If you’re going to call a product “Satan shoes,” you’ve created a problem for yourself. People are going to think they’re those weird cloven numbers worn exclusively by Instagram yogis and people who end every fourth sentence with “ … at the farmers’ market.”
So you’ll be relieved to hear this isn’t that. We’re talking about Beelzebub, the Lord of the Flies, the real deal.
Satan shoes are a marketing stunt attached to a tabloid-baiting music video. They were released online this past week by rapper Lil Nas X and American art collective MSCHF.
What do they come with? Nothing special. A pentagram, naturally. A little blasphemous Bible reference. All the normal stuff Christians get a kick out of.
The je ne sais quoi in this case is a bit of human blood added to every pair.
A bit like the loaves and fishes, Lil Nas created a bounty here. You take regular runners, wave your hands over them, and they become $10,000-a-pop collectibles.
But the real miracle is the PR spill-off. This stunt – which would have had the Pope rolling his eyes back in the 80s – got all four estates of the realm riled up, the fourth one in particular. Nike objected to the use of their swoosh. They’re suing for trademark infringement.
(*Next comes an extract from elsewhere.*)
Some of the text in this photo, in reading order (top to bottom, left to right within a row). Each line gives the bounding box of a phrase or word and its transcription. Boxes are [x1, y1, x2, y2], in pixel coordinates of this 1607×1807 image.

If it was possible to buy this sort of publicity, no one could afford it. Nike, the cheeky hypocrites, pulled a similar trick back in the day when they, er, borrowed Revolution by the Beatles without asking permission. The happy result was the company’s most iconic TV ad.
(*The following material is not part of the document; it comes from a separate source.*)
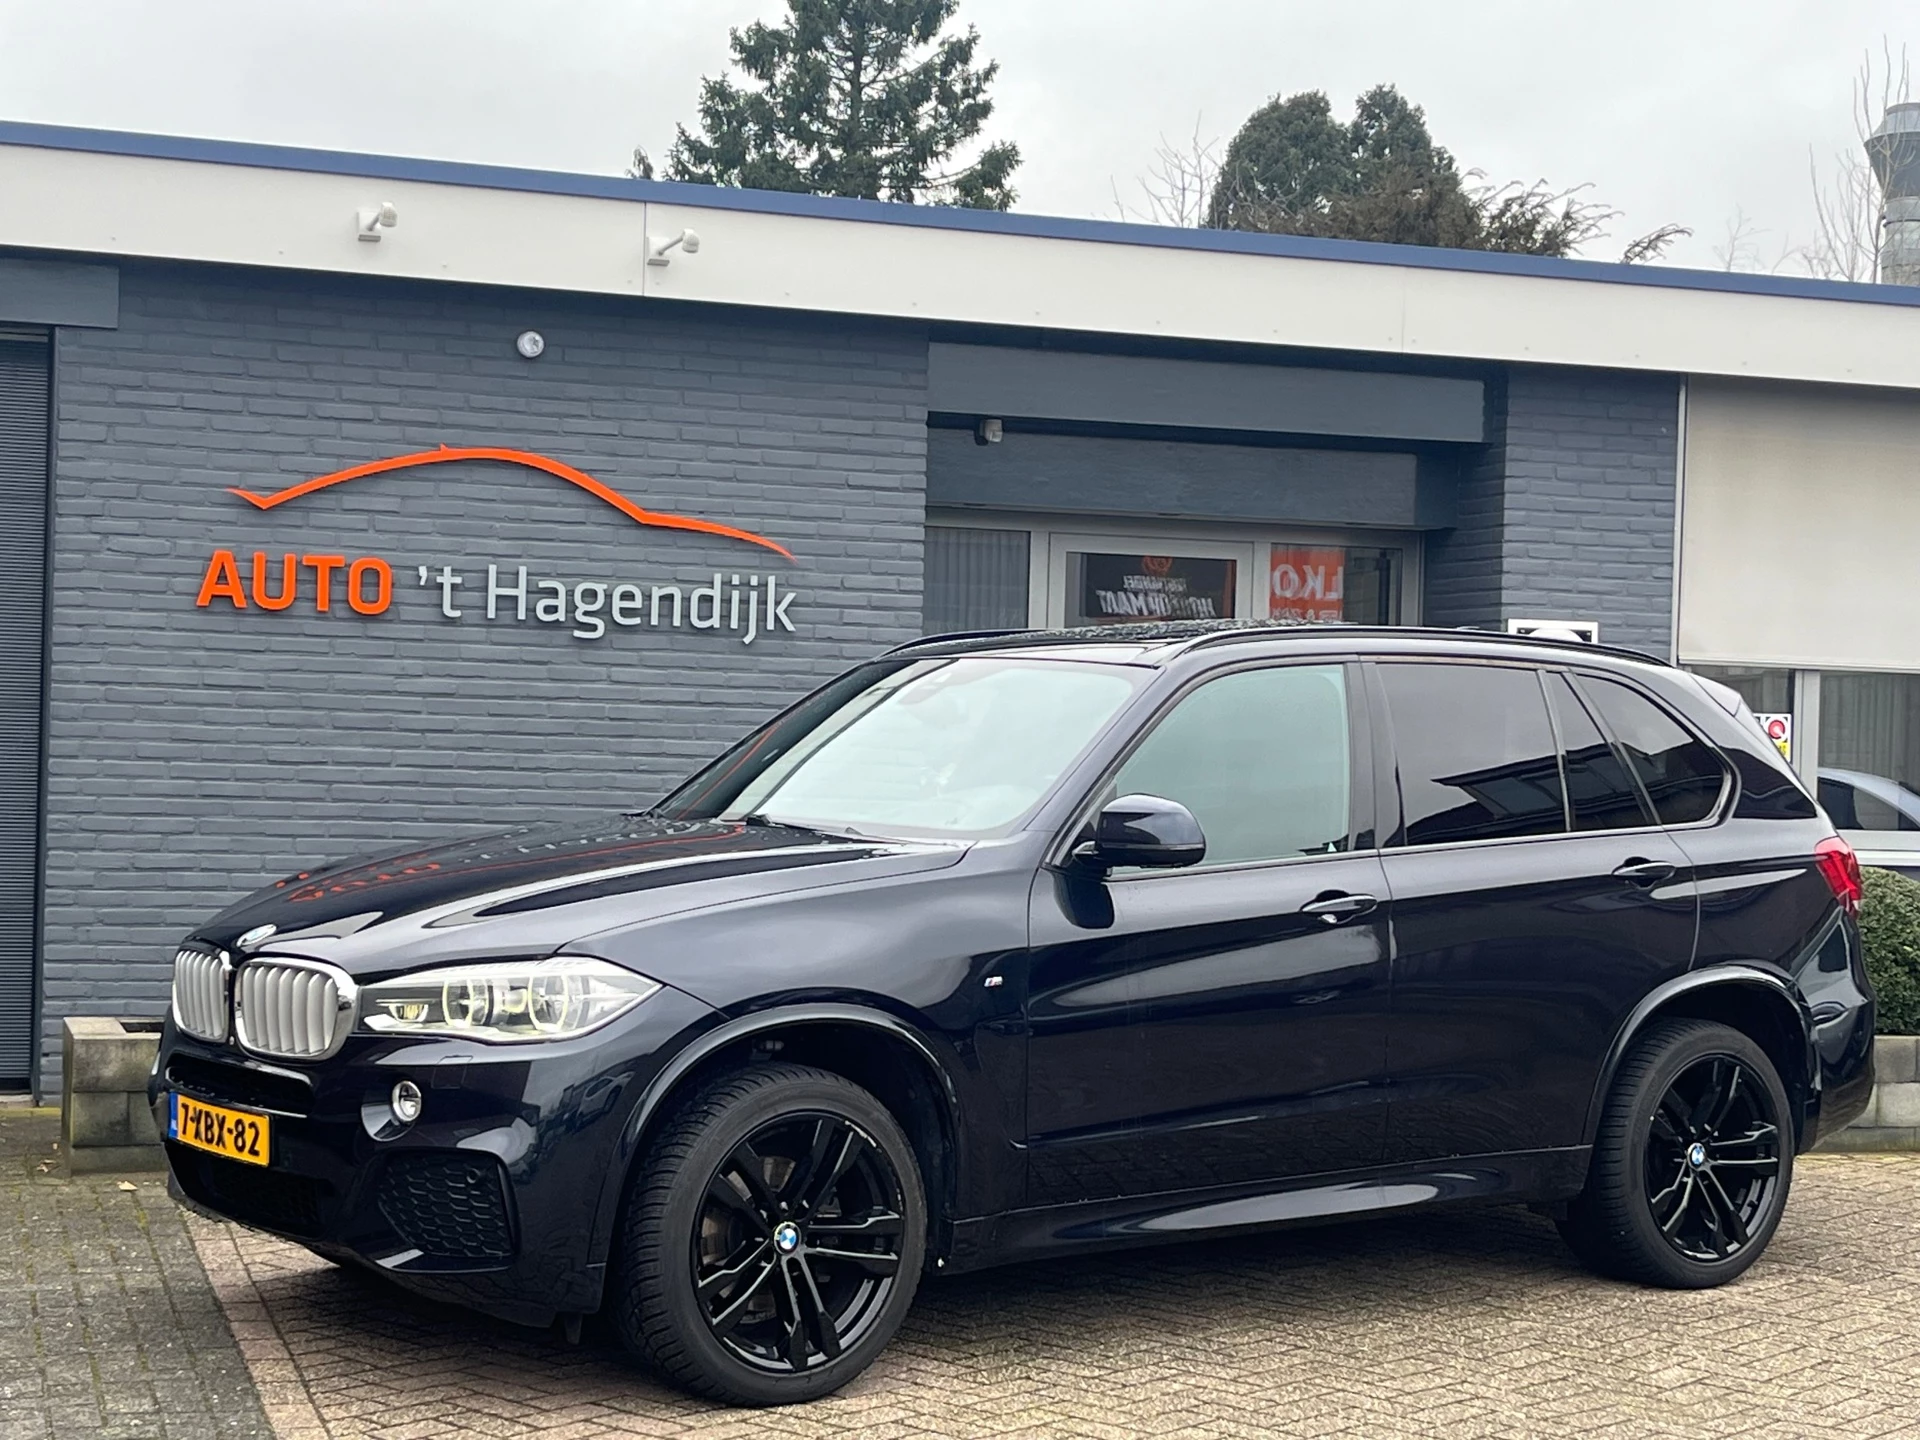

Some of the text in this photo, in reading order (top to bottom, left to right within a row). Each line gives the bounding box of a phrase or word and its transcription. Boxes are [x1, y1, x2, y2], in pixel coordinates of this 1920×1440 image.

[196, 549, 393, 615] AUTO
[486, 565, 797, 645] Hagendijk
[181, 1102, 260, 1157] 7-XBX-82
In the lawsuit that followed, George Harrison fretted that some day, art might be used to sell everything from “sausages” to “women’s underwear.” Poor George. Blood in your athleisure wasn’t even a blip on his radar then. Nor, for that matter, was athleisure.
On the one hand, the Satan shoe raises interesting questions about art, commerce and the growing blob on the Venn diagram where they intersect. In fact, it’s becoming one circle.
But on the other hand – and here’s where we’re headed – this is what it takes to get people talking about wearing shoes again. It takes Satan.
The other day I went to see the boss. In order to do so, I had to first don several instruments of torture. There was a shirt with buttons. Awful. There were hard pants. Intolerable. There were socks and most wretched of all, there were shoes. Putting on real shoes after you have not worn them in months is a revelatory experience, and not the good kind.
Now that my mind has been freed from the malign influence of Big Footwear, I can see that real shoes are ridiculous. You can feel the blisters beginning to form as soon as you stand up.
Years ago, I asked a buddy who worked at a fancy clothing retailer how he sized people up as they came through the door.
“The shoes and the watch,” he said.
Clothes can fool you. Think of Gordon Lightfoot and that ratty jean tuxedo he didn’t take off for 30 years. But if men have money to spend, they spend it on shoes and a watch.
This nugget made an impression on me. It does so no longer.
On that streetcar ride into the office to meet the boss, I travelled one of Toronto’s main arteries and through the financial district. I saw a lot of people wearing a lot of shoes. None of them were what a year ago we would have called the markers of adulthood. No leather lace-ups. No high heels. Nothing that extends over the ankle.
You think, “Gosh, that’s a lot of jogging at noon on a Tuesday,” until you realize nobody’s jogging. This is just how we dress now.
The clothes will return because a jacket and tie says something about your intentions. Going to an important meeting without taking some effort to put yourself together creates the same impression left by the person you see riding a bike in jeans. They aren’t serious about what they’re doing.
But torture shoes? We can move past that stage into our eventual Star Trek future. Cozy slip-ons that don’t look like hospital wear – it’s possible. We have the technology. Most importantly, we have seen what it’s like on the other side. Six months ago, I was given Crocs as a gag gift. Today, I own three pairs. (It’s that bad. This could be a cry for help. I can’t tell any more.)
All that’s required is a visionary to make it happen. Kanye West made sweatpants okay. At the time, I thought it was a harbinger of doom. But now I see that it was only the first station of the new fashion cross.